The major index exchange traded funds (ETFs) lost some of their early gains and ended slightly lower on Monday despite the death of Osama bin Laden, the news only resulted in brief gains for the market, as traders shifted their focus back to earnings results and economic news.

  • The Nasdaq and IntercontinentalExchange have intensified their fight for the top U.S. stock market. On Monday, Nasdaq OMX Group Inc. and IntercontinentalExchange Inc. said they are taking their unsolicited bid for the New York Stock Exchange directly to shareholders. They are starting an exchange offer to jointly acquire all of the outstanding shares of NYSE Euronext for $11 billion. The parent company of NYSE has twice rejected the joint bid from Nasdaq and ICE saying it is committed to its previously agreed-to $10 billion merger with German exchange operator Deutsche Boerse, despite the lower price. The fight for shareholder votes was largely expected. Nasdaq CEO Robert Greifeld told analysts recently that the company planned to appeal to shareholders directly if NYSE again rebuffed the company’s advances. The iShares Dow Jones U.S. Financial Sector ETF (NYSEArca: IYF) ended slightly lower on Monday.

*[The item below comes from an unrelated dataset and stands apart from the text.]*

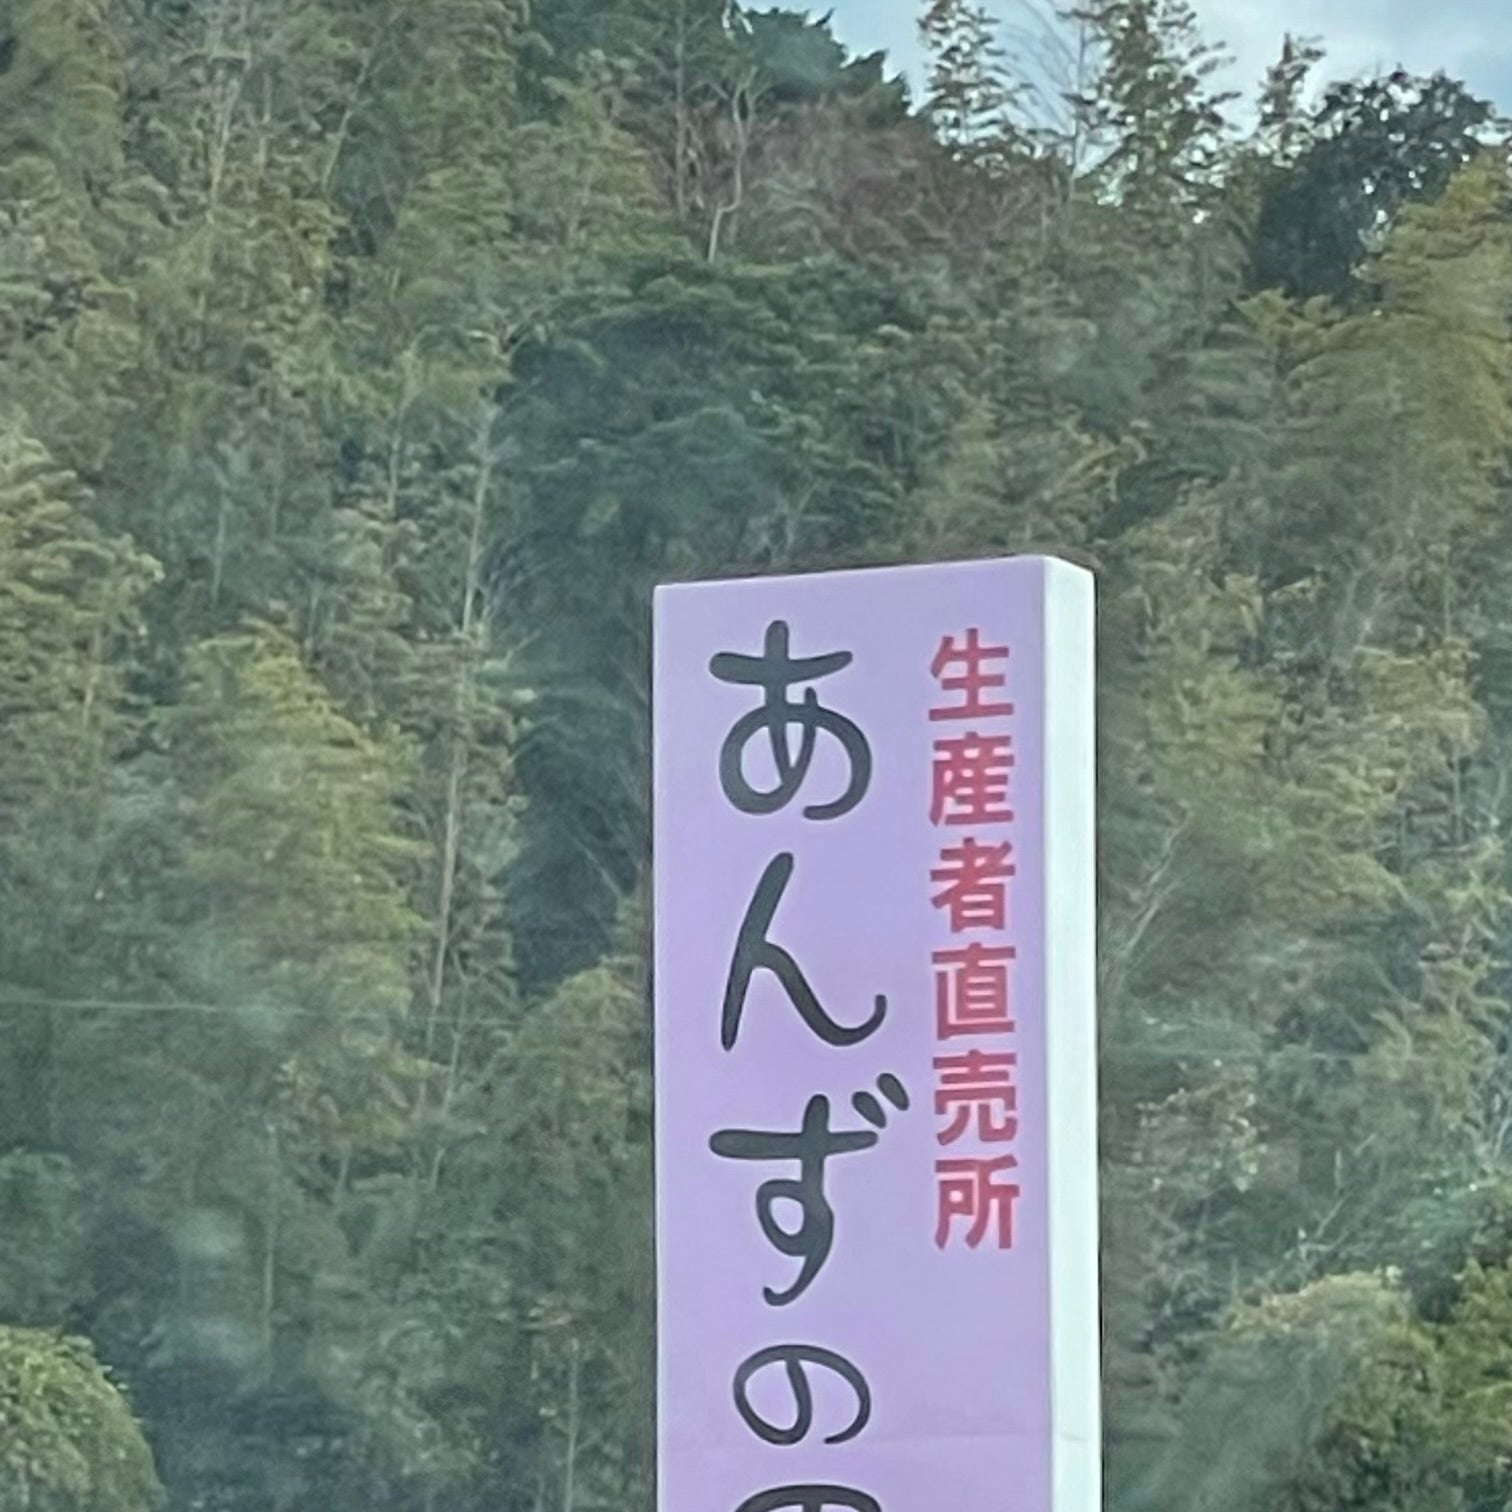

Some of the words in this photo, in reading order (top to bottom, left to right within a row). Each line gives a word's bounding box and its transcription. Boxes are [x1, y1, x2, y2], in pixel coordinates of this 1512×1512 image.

[928, 627, 1020, 1251] 生産者直売所
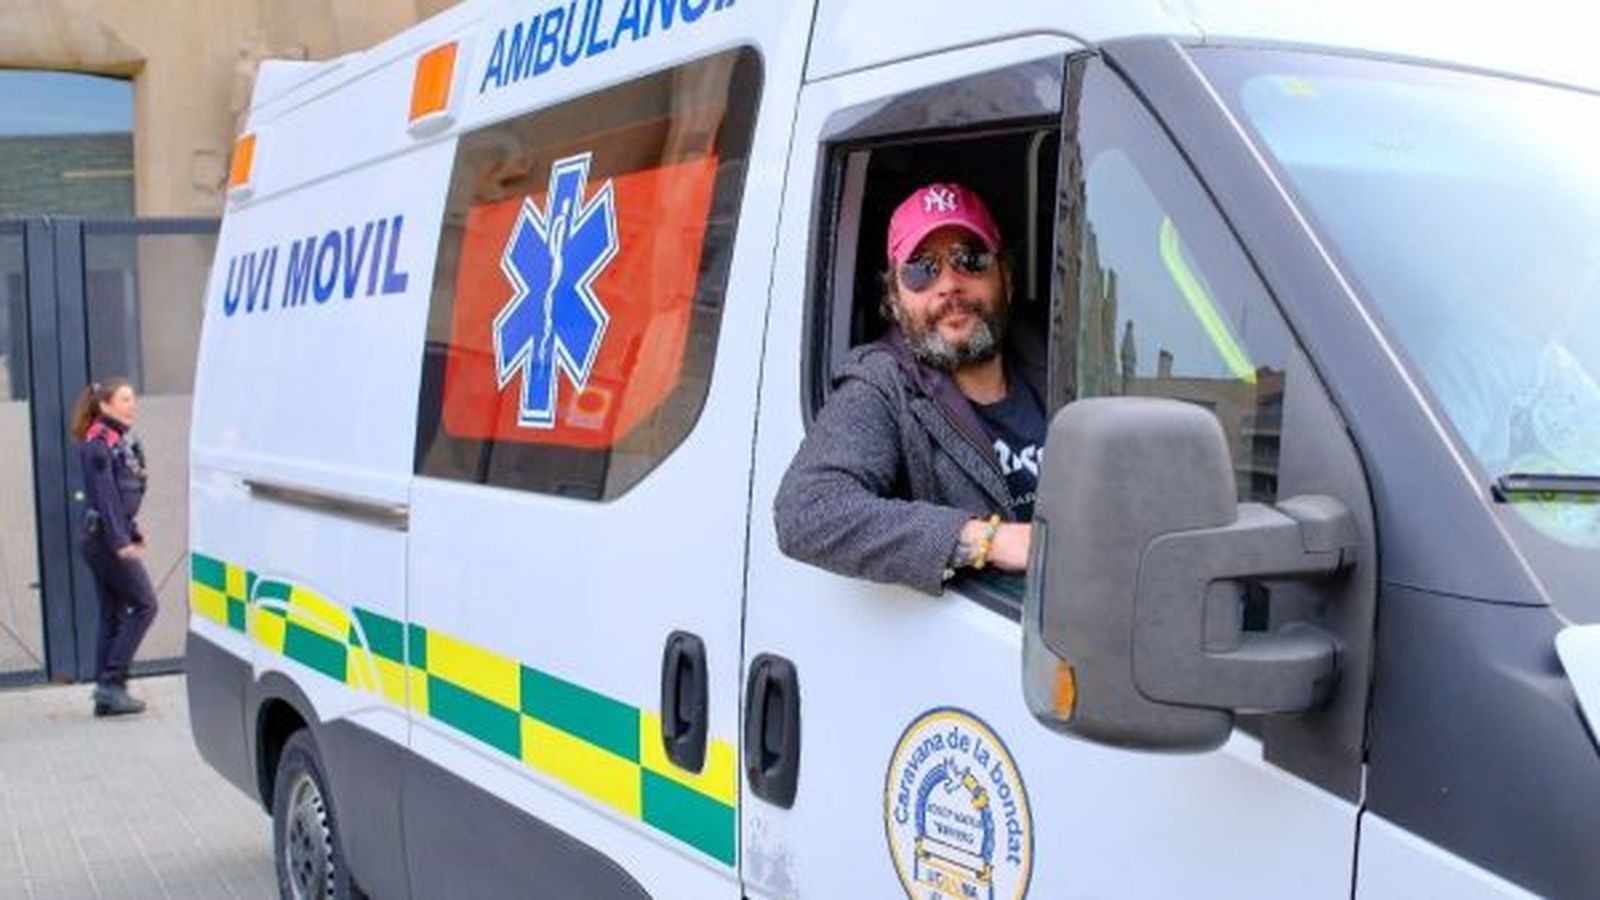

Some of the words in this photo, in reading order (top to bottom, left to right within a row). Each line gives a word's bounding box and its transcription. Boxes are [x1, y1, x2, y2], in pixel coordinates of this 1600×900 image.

  • U.S. manufacturing activity slowed in April for a second straight month but input prices reached their highest level in nearly three years, according to an industry report released on Monday. The Institute for Supply Management said its index of national factory activity eased to 60.4 in April from 61.2 the month before. The figure topped economists’ forecasts for a reading of 60. The index for prices paid rose to 85.5 from 85, the highest since July 2008. New orders, output and hiring all eased in comparison with March but showed enough vigor to offer reassurance the economy had enough resilience to withstand costlier energy. A sharp decline in the value of the U.S. dollar was helping the export-heavy sector. “The economy is not falling apart despite the spike in oil prices,” said Joel Naroff of Naroff Economic Advisors in Holland, Pa. “Firms are hiring, adding to inventories, seeing demand rise and exporting. Those are not signs of malaise.” The Industrial Select Sector SPDR (NYSEArca: XLI) basically closed flat today.
  • Crude-oil futures settled modestly lower in volatile trading Monday, as prices gained some support from a weaker dollar but traders were concerned that the U.S. manufacturing sector expanded at a slower pace. Investors also appeared divided in evaluating the impact of the death of Osama bin Laden after a U.S. raid in Pakistan Sunday. Some analyst judged that his killing would skim off some of the risk premium attached oil prices, others cited prospects for turbulence in the Arab world and, more crucially, in bin Laden’s native Saudi Arabia, the world’s top oil exporter. A sell-off didn’t occur, however, because few investors wanted to be caught short in a market that could turn without much notice, said Kyle Cooper, managing director of IAF Advisors in Houston. The death of bin Laden was tricky for oil markets because the connection to Saudi Arabia and potential for unrest in the oil-rich country. “If anything happens in Saudi Arabia, oil at $120 will look cheap,” Cooper said. “That’s why we had a reluctance to sell off today.” The ProShares UltraShort Oil & Gas ETF (NYSEArca: DUG) closed almost 4% higher on Monday.

Gregory A. Clay contributed to this article.